Aos 17 anos, Patrícia Prandini perdeu sua mãe para o câncer de ovário. 17 anos depois, descobre que tem câncer de mama #PetalasGuerreiras

“Descobri o câncer logo depois que tinha me separado e parado de amamentar meu filho. Procurei meu ginecologista/obstetra e ele pediu para fazer mamografia, mas guardei o pedido. Não queria fazer, porque achava arcaico, e fui trabalhar, pois estava prestes a inaugurar uma loja.

Inaugurada, cai em uma tristeza profunda pela separação. Procurei uma médica que pediu outros exames, juntei todos e o diagnóstico veio da ressonância que insisti em fazer. A mamografia não identificou o tumor. Se não fosse a ressonância, não descobriria tão no início.

A parte devastadora do câncer de mama foi retirar as mamas, era meu ponto fraco no meu corpo. Eu tinha seios lindos e achei que jamais colocaria próteses, mas queria prevenir de outro câncer.

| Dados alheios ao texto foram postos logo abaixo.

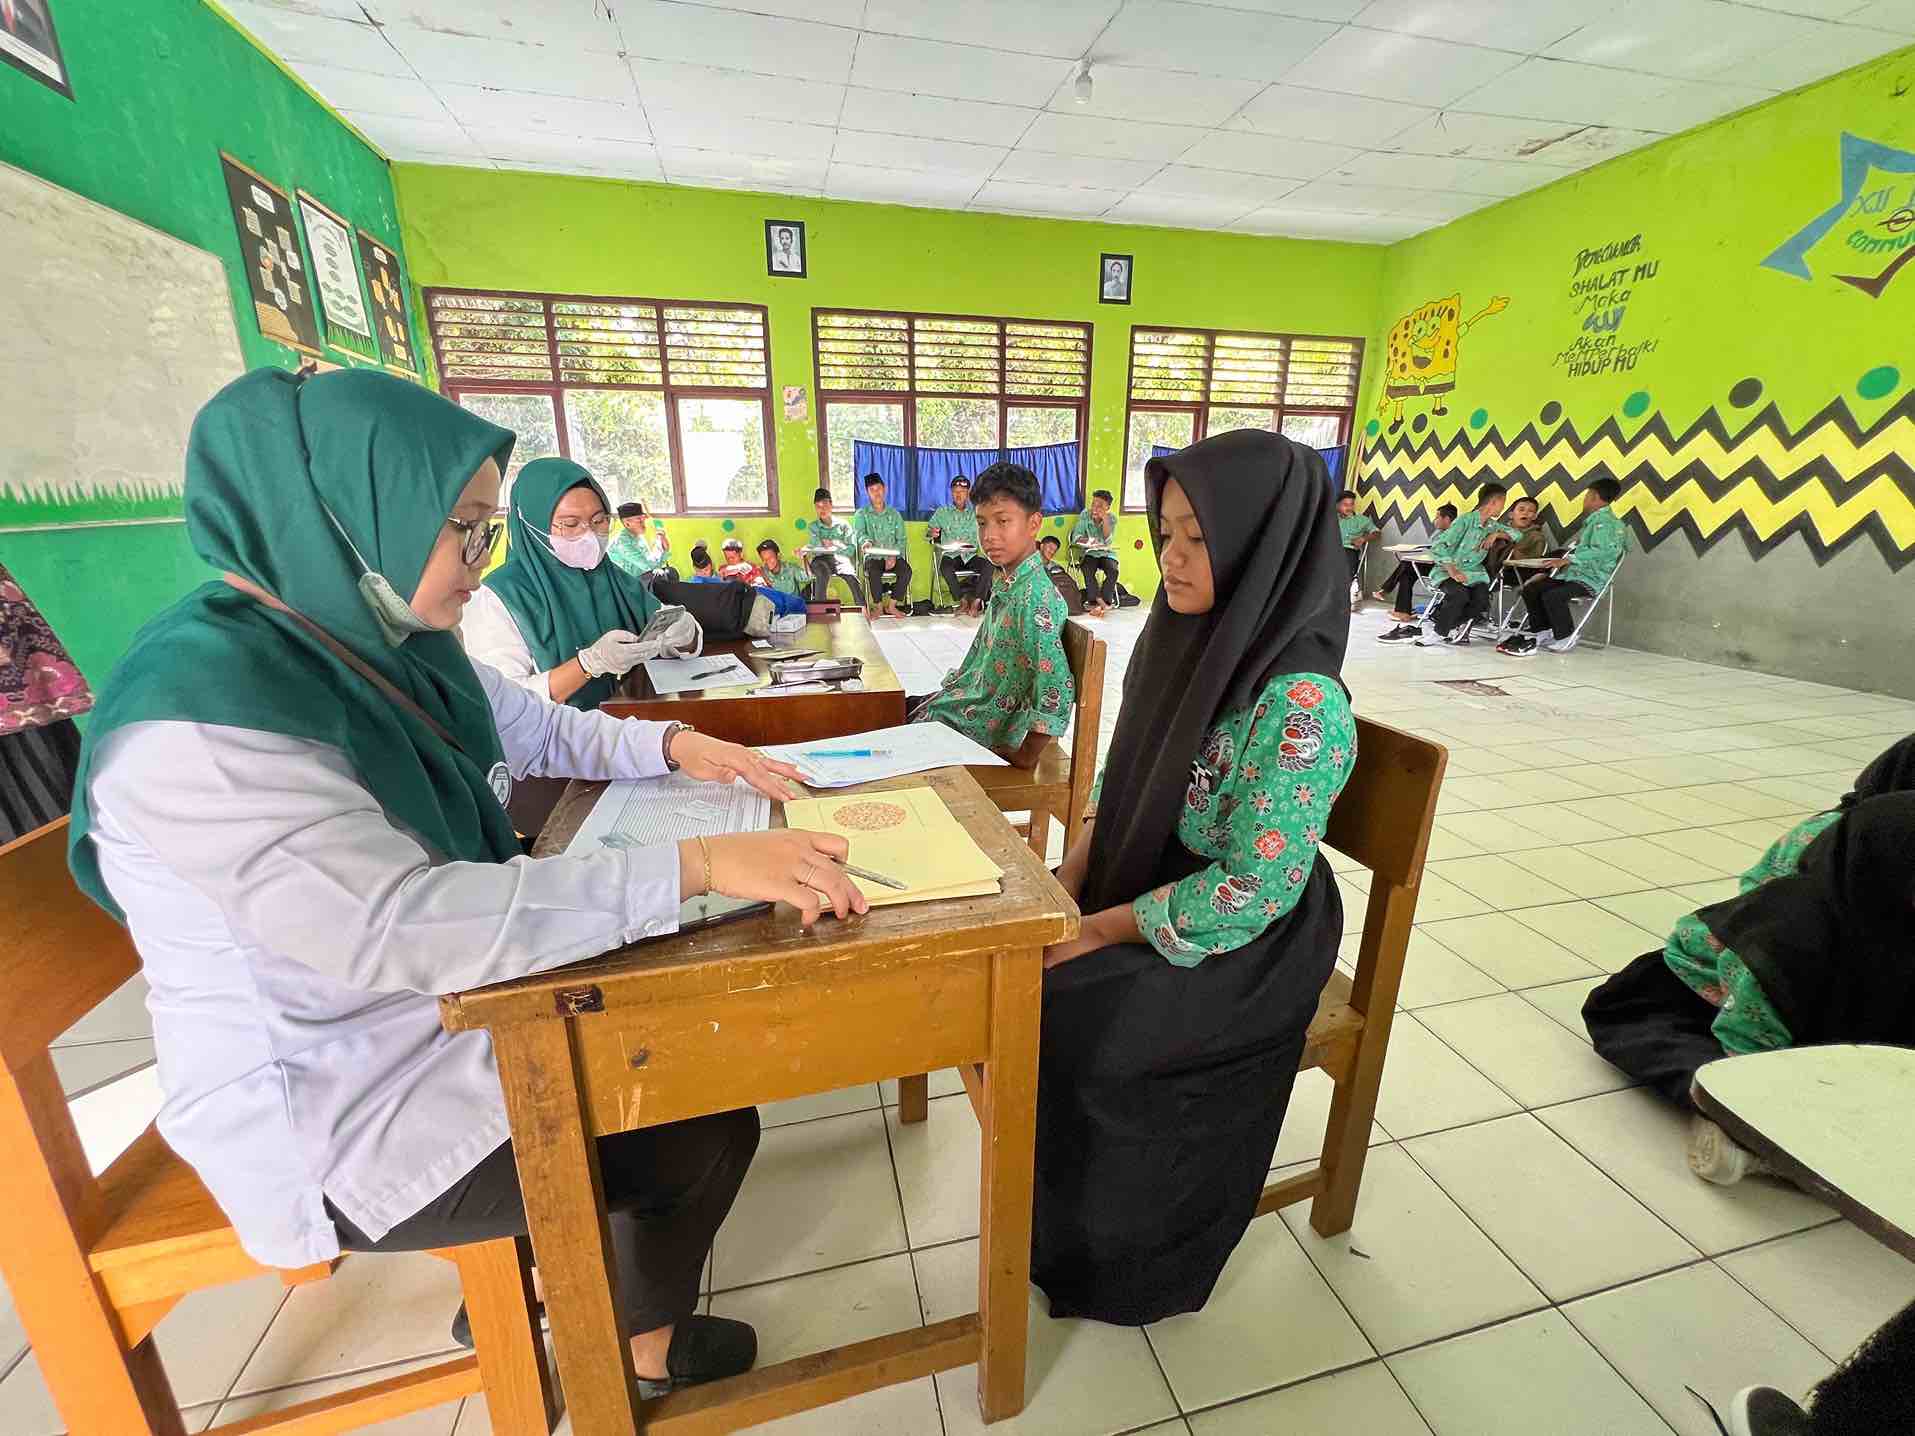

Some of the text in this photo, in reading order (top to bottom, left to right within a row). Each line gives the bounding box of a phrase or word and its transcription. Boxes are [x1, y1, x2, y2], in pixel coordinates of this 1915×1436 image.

[1569, 260, 1660, 297] SHALAT MU
[1568, 359, 1610, 377] HIDUP

Também foi complicado conciliar a minha vida de empresária com a rotina do tratamento, pois meu diagnóstico veio dias após a quebra do Lehmann Brothers, que foi o início de uma crise mundial. Isso e minha fragilidade foram determinantes para meu negócio acabar dois anos depois. Mas trabalhei durante todo o tempo.

Para enfrentar tudo isso, busquei forças nos meus filhos. Perdi minha mãe para o câncer de ovário aos 17 anos. Ela teve câncer de mama aos 40 e faleceu com 52 anos. Sofri muito com a sua perda e não queria esse sofrimento para os meus filhos. Recentemente, descobri que herdei da minha mãe a mutação genética que aumenta para mais de 80% o risco de câncer de mama e 70% de ovário.

Depois do câncer, voltei a fazer terapia e tratei muitas das minhas dores que não conseguia antes. Me tornei uma pessoa mais tolerante, generosa e grata. Sei que tive um tratamento maravilhoso que poucas têm acesso. E penso muito menos no futuro, vivo o agora.

Patrícia com a camisa da campanha contra o câncer de mama metastático do Instituto Arte de Viver Bem  (Foto: reprodução)

Já fiz palestras, fotografias para exposição, participei de eventos e contribuo financeiramente no combate ao câncer de mama. Também participo de duas ONGs e de um instituto, mas não encabeço como antes. Tive muitas ideias que ainda gostaria de executar, mas há muita dificuldade de verba. Como vejo pessoas mais recentes se envolvendo com fôlego novo, acho que já é hora de me desconectar um pouco.

A mensagem que deixo para mulheres que enfrentam o câncer de mama é: never give up! Você voltará a ser linda. Só que além de linda, melhor como ser humano.”